Antidiabétiques, enfin un effet démontré sur la mortalité cardio-vasculaire

Sans conteste, la présentation des résultats plutôt inattendus de l’essai de morbi-mortalité EMPA-REG* a constitué le fait marquant du récent congrès européen de diabétologie (European Association for the study of Diabetes, Stockholm 14-18 septembre 2015). Alors qu’aucun antidiabétique, jusqu’à présent, n’avait fait la preuve spécifique de son efficacité en matière de mortalité cardiovasculaire, cette étude (publiée depuis dans le NEJM) marque la rupture en montrant que l’empagliflozine réduit de près d’un tiers la mortalité cardiovasculaire et la mortalité toutes causes dans le diabète de type 2.

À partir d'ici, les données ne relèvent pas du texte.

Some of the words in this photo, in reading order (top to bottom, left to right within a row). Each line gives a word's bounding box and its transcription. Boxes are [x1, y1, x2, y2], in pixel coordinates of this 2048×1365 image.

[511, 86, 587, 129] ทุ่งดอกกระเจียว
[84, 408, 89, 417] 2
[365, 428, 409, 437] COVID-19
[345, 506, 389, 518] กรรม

L’empagliflozine est un inhibiteur du cotransporteur sodium-glucose de type 2 (SGLT2) qui cible la réabsorption rénale du glucose et augmente son excrétion urinaire. Comme tout nouvel antidiabétique, elle a dû répondre devant l’EMA et la FDA de son innocuité cardiovasculaire, d’où l’essai de sécurité cardiovasculaire EMPA-REG*. Mais là où les autres antidiabétiques récents (inhibiteurs de la DPP-4 : itagliptine dans l’essai TECOS et saxagliptine dans SAVOR TIMI 53 ; analogue du GLP1 lixisenatide dans ELIXA) n’ont fait la preuve que d’une « simple » neutralité cardiovasculaire, l’empagliflozine va plus loin et montre qu’elle infléchit le risque de décès cardiovasculaire, de décès toutes causes et d’hospitalisation pour insuffisance cardiaque.

L’essai EMPA-REG a été mené chez 7?020 diabétiques de type 2 à haut risque cardio-vasculaire modérément déséquilibrés (HbA1c à l’inclusion autour de 8 %) bénéficiant d’un traitement antihyperglycémique habituel auquel s’ajoutaient soit 10 ou 25 mg/jour d’empagliflozine, soit un placebo. À l’issue d’un suivi moyen de 3,1 ans, les auteurs rapportent une diminution de -14 % sur le critère composite (décès cardiovasculaires, infarctus du myocarde et accident vasculaire cérébral non fatals), de -38 % du risque de décès cardiovasculaires, de -32 % du risque de décès toutes causes et de -35 % du risque d’hospitalisation pour insuffisance cardiaque, avec des résultats comparables quels que soient les sous-groupes analysés (âge, sexe, débit de filtration glomérulaire, contrôle de la pression artérielle, contrôle de la glycémie, IMC…). Côté tolérance, on observe, comme attendu, plus d’infections génitales (et non urinaires) dans le bras empagliflozine (6,4 % versus 1,8 % dans le bras placebo) sans pour autant conduire à l’arrêt du traitement.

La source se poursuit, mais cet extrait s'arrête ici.